Try it: What follows is a set of records. Retype them exactly, leaving out the pictures.

(Recorded data)

#####

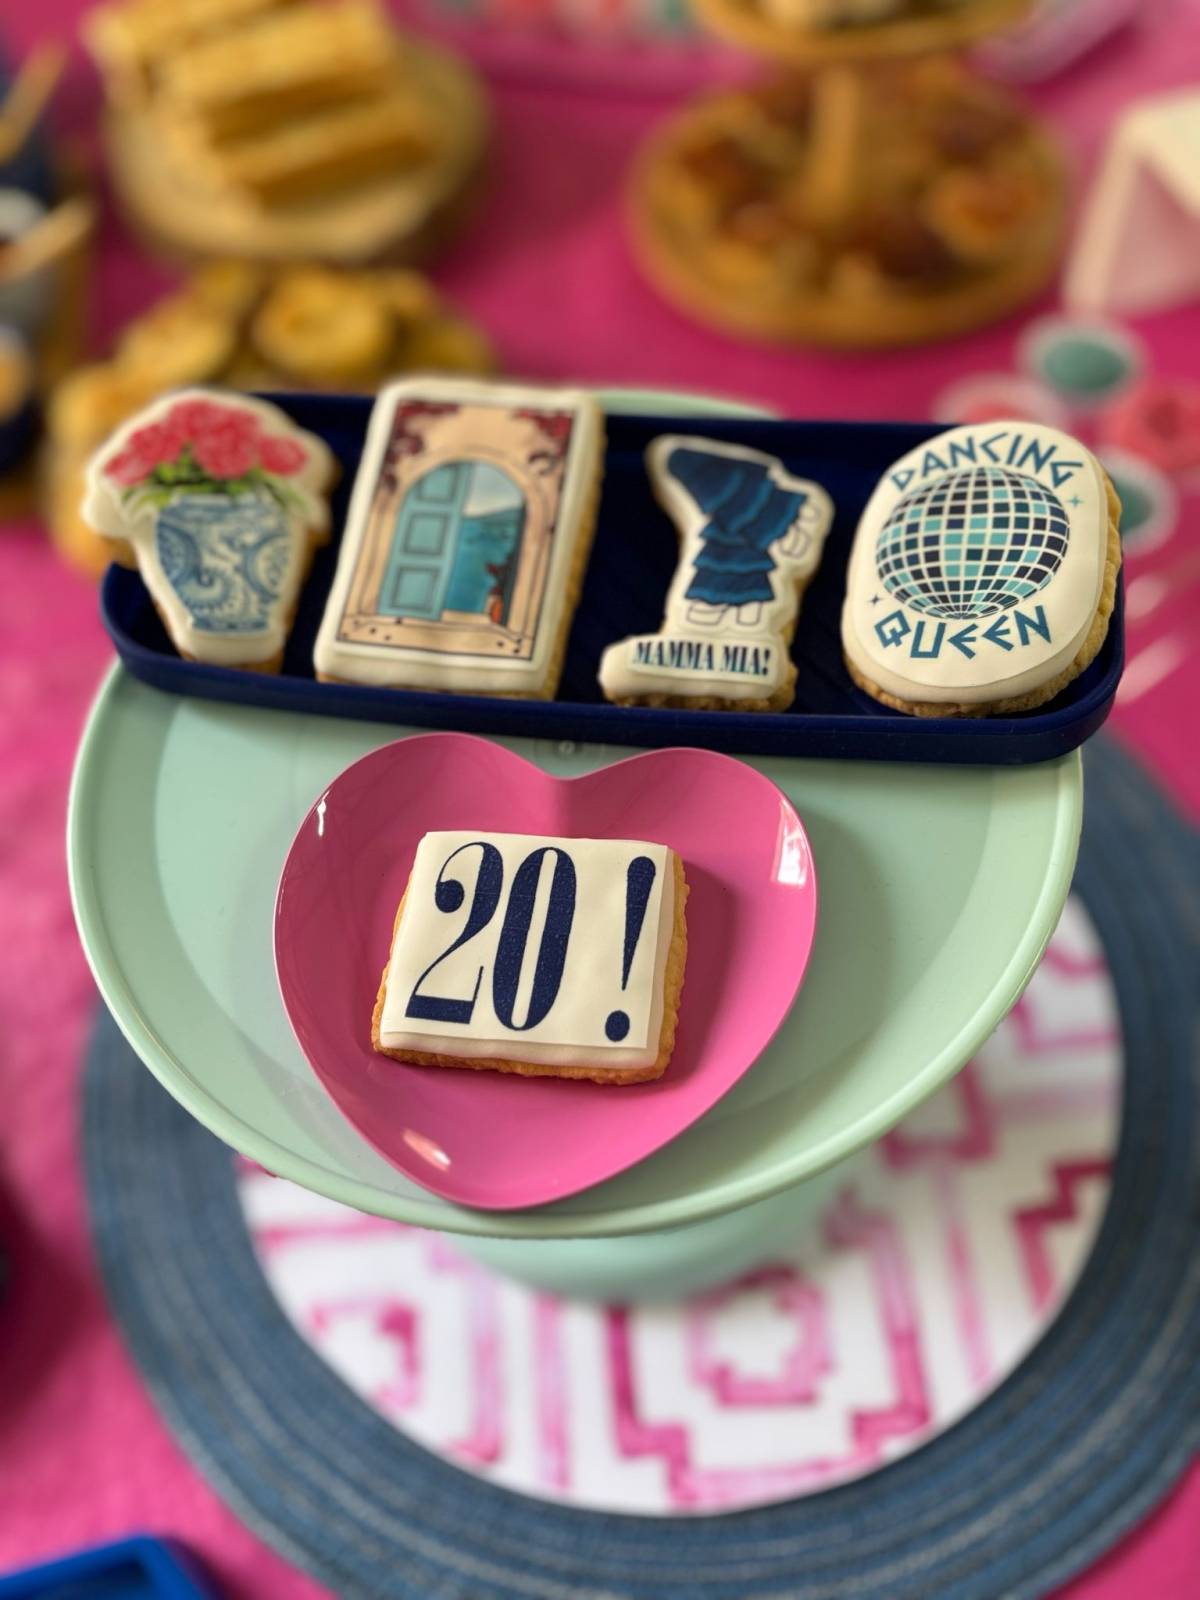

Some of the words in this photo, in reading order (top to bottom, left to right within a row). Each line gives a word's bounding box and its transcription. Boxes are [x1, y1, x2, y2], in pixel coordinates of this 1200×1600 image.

[891, 432, 1084, 491] DANCING
[633, 641, 714, 671] MAMMA
[719, 645, 771, 677] MIA!
[874, 605, 1051, 660] QUEEN
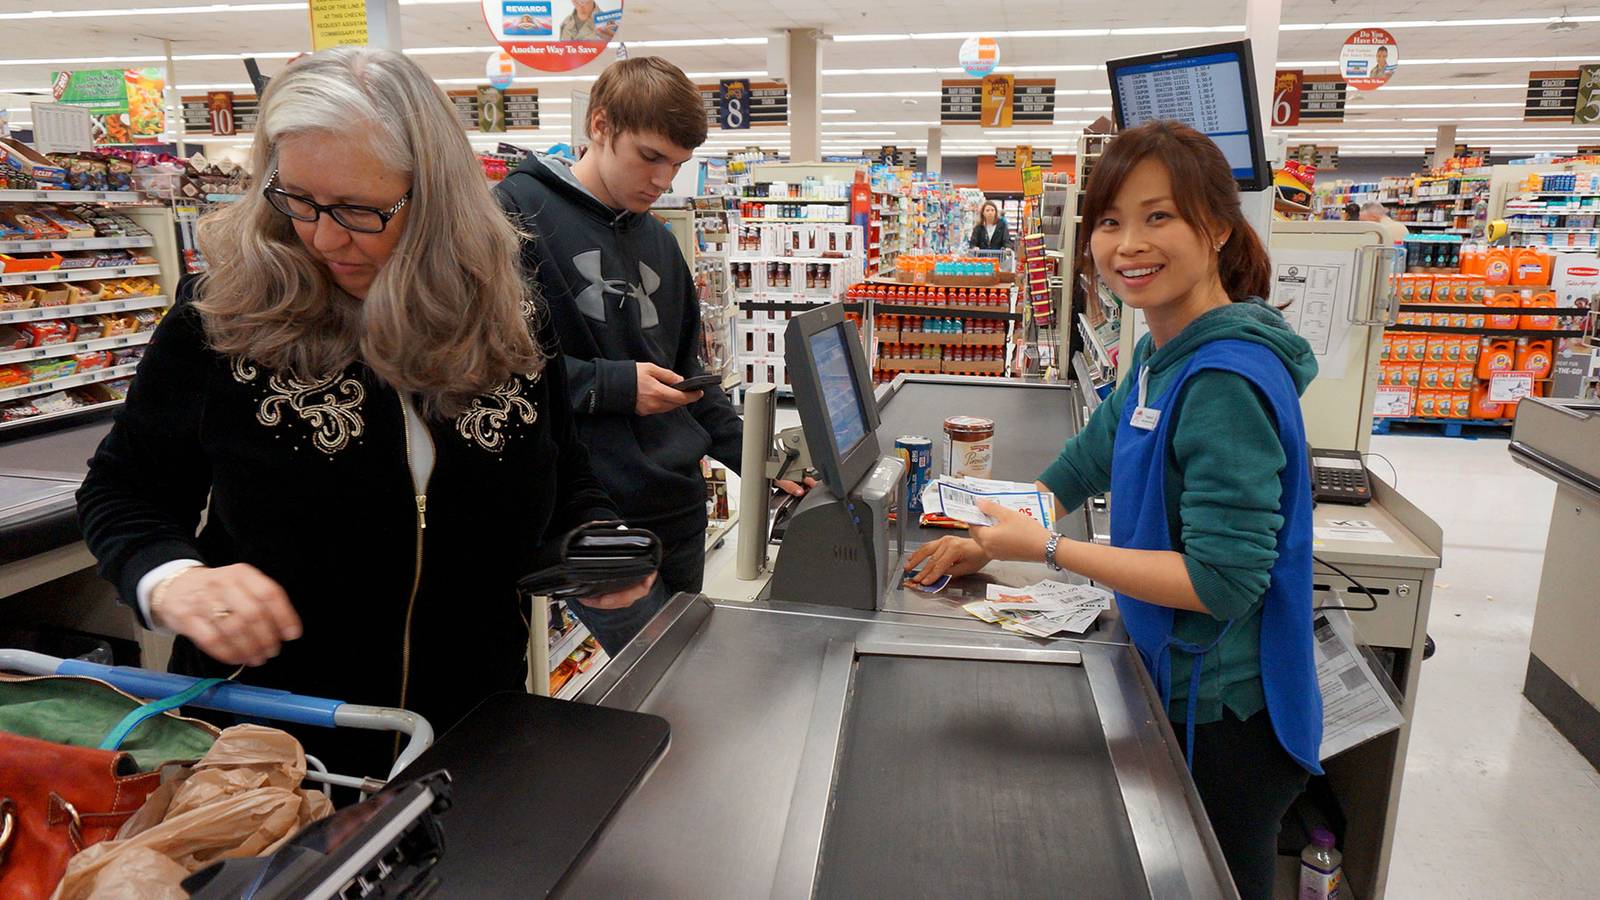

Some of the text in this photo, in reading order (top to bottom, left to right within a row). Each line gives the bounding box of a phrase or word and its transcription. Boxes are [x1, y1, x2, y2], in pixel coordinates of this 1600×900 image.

[511, 46, 545, 54] Another
[546, 46, 564, 56] Way
[578, 46, 597, 54] Save
[484, 102, 496, 132] 9
[727, 99, 743, 128] 8
[991, 95, 1006, 126] 7
[1273, 89, 1291, 125] 6
[1584, 89, 1600, 121] 5
[210, 109, 231, 135] 10
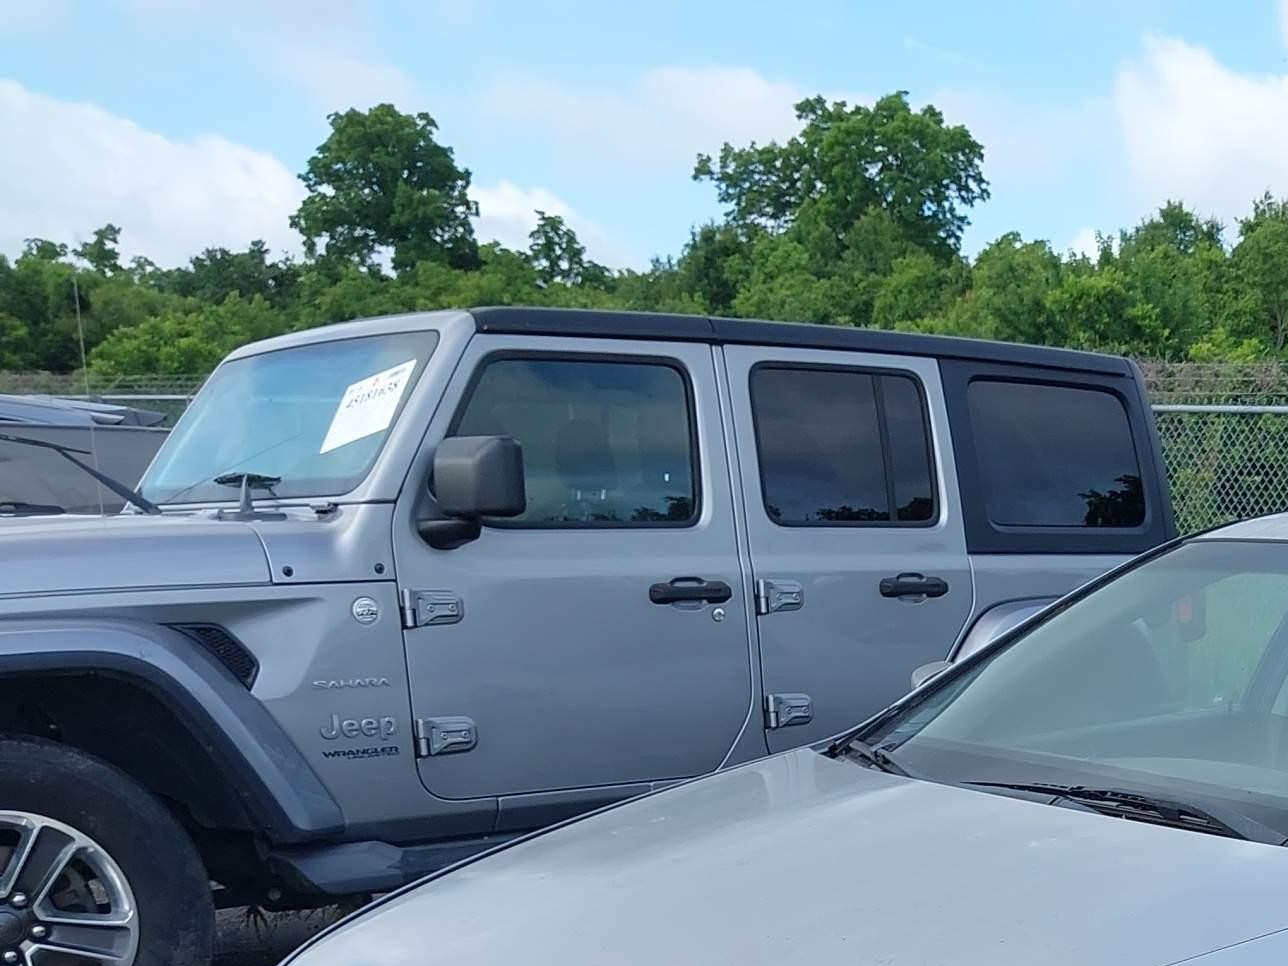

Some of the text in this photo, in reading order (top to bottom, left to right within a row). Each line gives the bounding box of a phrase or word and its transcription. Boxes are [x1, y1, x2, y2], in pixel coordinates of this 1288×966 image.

[312, 677, 390, 690] SAHARA
[320, 713, 399, 741] Jeep
[322, 746, 399, 758] WRANGLER

#####

Solved problem:
Some of the words in this photo, in reading order (top to bottom, left to right within a row). Each line gives a word's bounding box and its transcription. Boxes are [x1, y1, x2, y2], in pixel coordinates of this 1200×1600 image.

[891, 432, 1084, 491] DANCING
[633, 641, 714, 671] MAMMA
[719, 645, 771, 677] MIA!
[874, 605, 1051, 660] QUEEN

Some of the text in this photo, in reading order (top to bottom, left to right within a row). Each line gives the bounding box of a phrase or word and its transcription. Boxes are [x1, y1, x2, y2], in pixel coordinates of this 1600×900 image.

[511, 46, 545, 54] Another
[546, 46, 564, 56] Way
[578, 46, 597, 54] Save
[484, 102, 496, 132] 9
[727, 99, 743, 128] 8
[991, 95, 1006, 126] 7
[1273, 89, 1291, 125] 6
[1584, 89, 1600, 121] 5
[210, 109, 231, 135] 10

Some of the text in this photo, in reading order (top to bottom, left to right within a row). Each line gives the bounding box of a phrase or word and its transcription. Boxes are [x1, y1, x2, y2], in pixel coordinates of this 1288×966 image.

[312, 677, 390, 690] SAHARA
[320, 713, 399, 741] Jeep
[322, 746, 399, 758] WRANGLER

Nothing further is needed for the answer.